Aside from its lucrative avenue, Instagram has also been fundamental to his relationships and experiences. An organizer from FORM, a music and arts festival in Arcosanti, Arizona, reached out to him to attend as a guest speaker.
Brittany (mentioned in a previous Public Goods blog post about ugly produce), my friend who attended the festival for the fourth year in a row this past May, was quick to drop William’s name when I told her I was writing an article on mushrooms.
“I had such a crush on his brain,” she wrote in a text.
Since Padilla-Brown’s talk at FORM, Brittany has incorporated mushrooms into her daily diet. She started taking lion’s mane, in capsule form, after her mother’s stroke and subsequent mild dementia diagnosis.
“Research says it’s really effective in preventing dementia and William said it rebuilds parts that protect your brain,” she said.
Brittany also takes Reishi mushrooms, a gift from her acupuncturist who has been “taking them for years, and said she’s never had a cold since she started, so she swears by them.”
To further exemplify his love of mushrooms and fungi with his community, he hosts cooking workshops. Through culinary education, he teaches individuals how to clean, prepare and cook various mushrooms, giving them the tools they need to incorporate healthier choices into their diets. By cooking and sharing a meal, Padilla-Brown creates a level of intimacy that is hard not to want to be a part of. It is both remarkable and refreshing to see someone so willing to teach, someone so magnanimous with his expertise.
That willingness only strengthens with Mycosymbiotics, his Mushroom and Arts Festival that celebrated its fifth year this August. This year the festival showcased prominent influencers in the realm of mushrooms and fungi whose inquisitive topics — environmental restoration and remediation, gourmet cooking and food security — had attendees understanding ecological education in a new light.
Festival attendees enjoyed live music performances (Padilla-Brown also raps), drum circles, workshops and mushroom tastings.

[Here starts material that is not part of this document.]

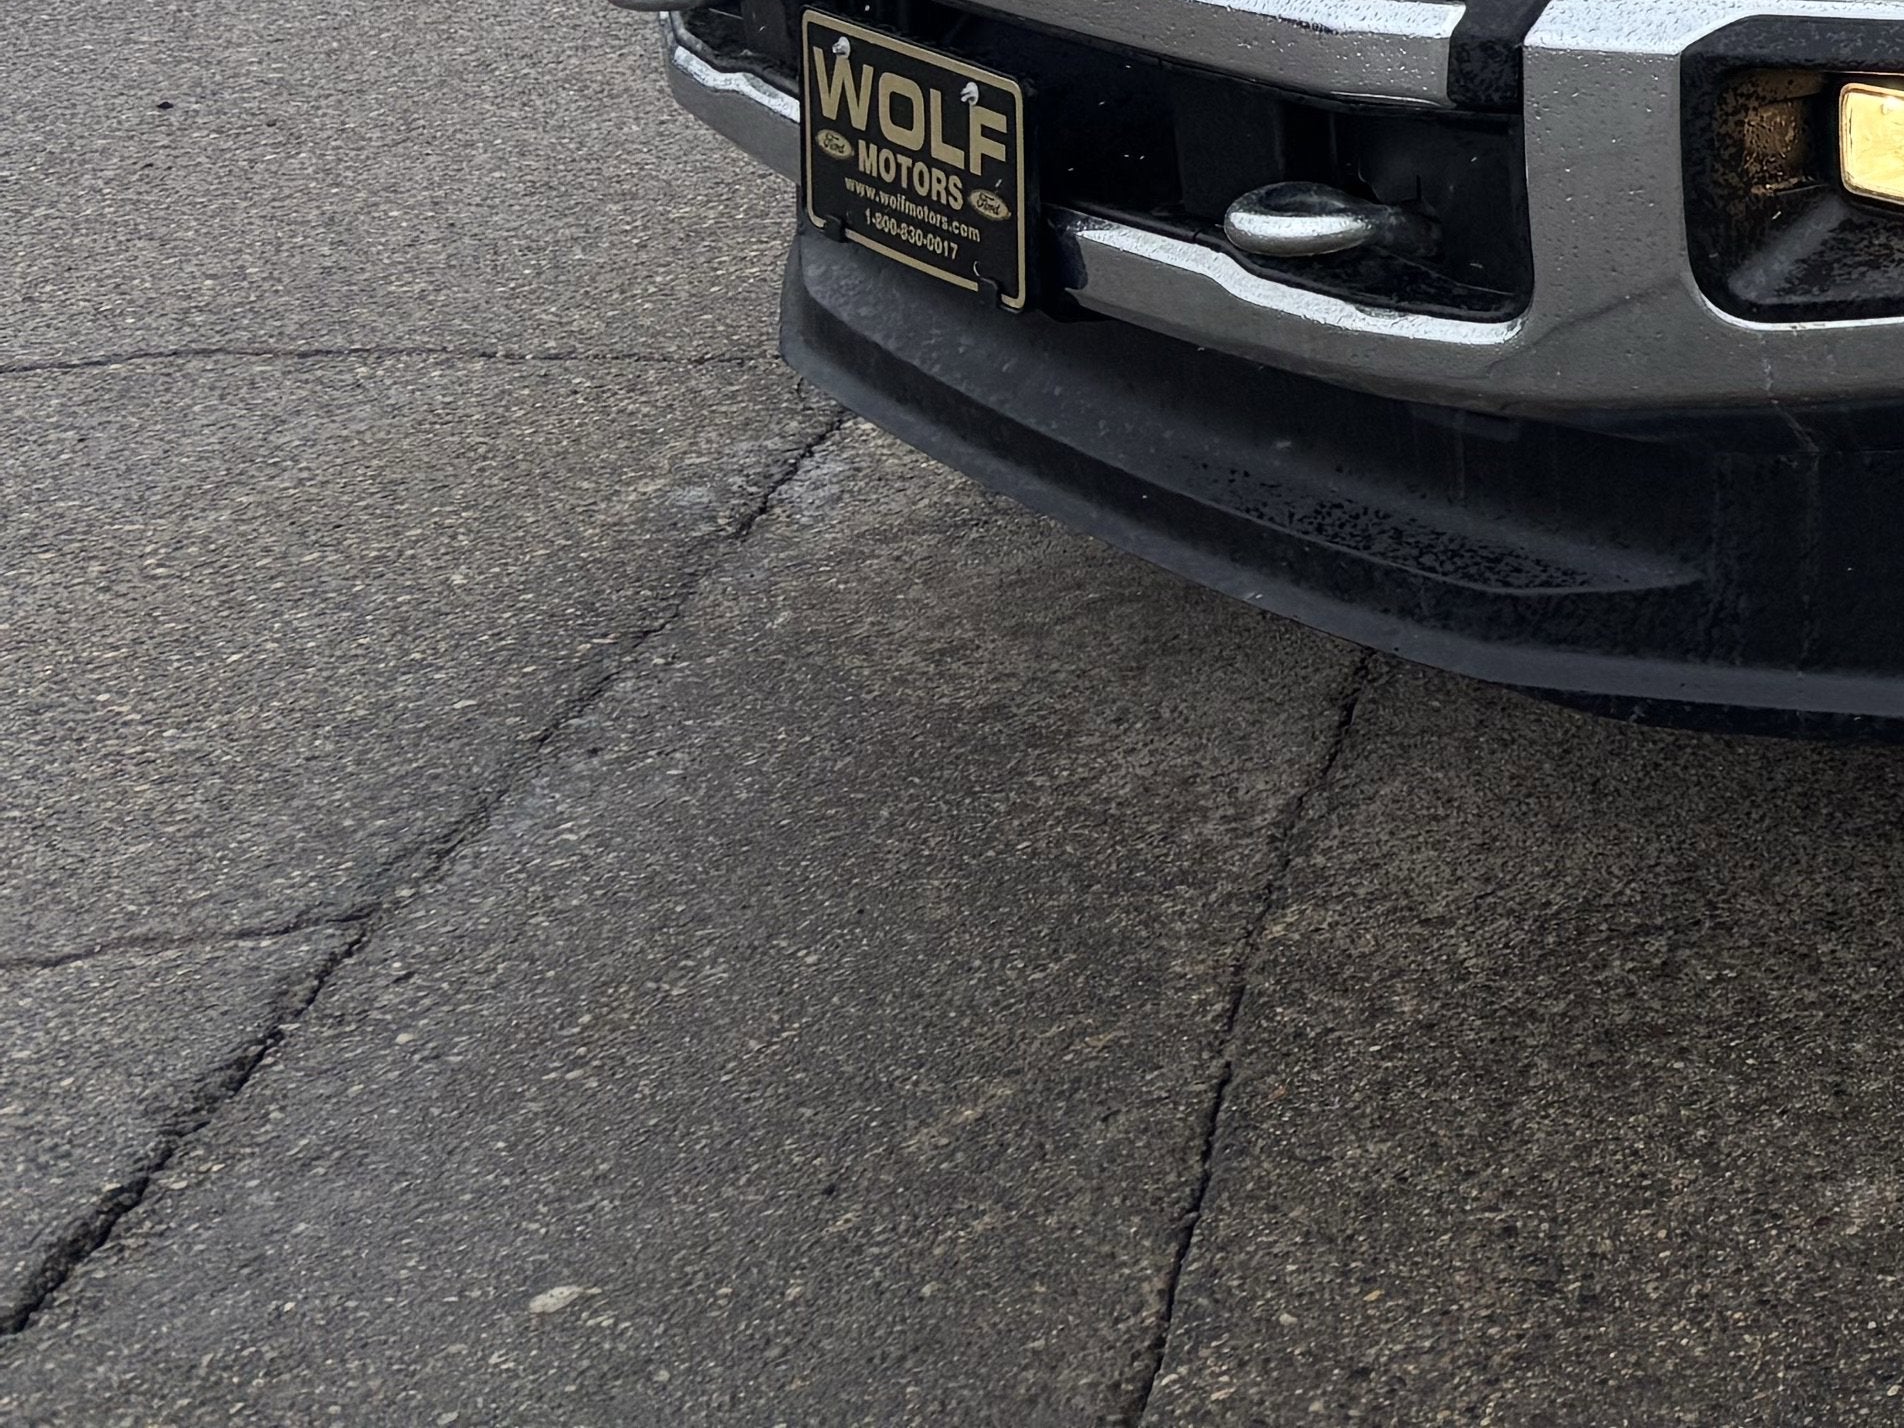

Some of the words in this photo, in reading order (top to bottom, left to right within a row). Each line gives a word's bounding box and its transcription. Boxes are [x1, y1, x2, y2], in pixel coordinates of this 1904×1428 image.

Padilla-Brown is also proud to announce a variety of sponsors: Lancaster Farm Fresh Cooperative will be the premiere produce sponsor of the festival and Four Sigmatic has contributed their mushroom matcha and coffee.
Humans are hard-wired to fear the unknown. “So many people have mycophobia in this country,” William Padilla-Brown said with a dejected tone. Sometimes, when he is giving talks and presentations, people jump away from his mushroom-and-fungi-covered table.
However, records of Indigenous people reveal a steadfast and unique relationship with mushrooms for healing purposes. Studying mushrooms and other living organisms for that matter is essential for a sustainable earth.
Late one night, scrolling through a sea of Instagram posts, I was taken back by Padilla-Brown’s. Homeostasis, he said, will only be achieved through symbiosis with local systems, systems both natural and social. Only when we find this balance, when our physical and emotional bodies are nourished, is when we may expand our consciousness via physical, mental and spiritual travel. Some of us are blessed with families that create and provide this balance for us early in our experiences. Many of us must create this for ourselves.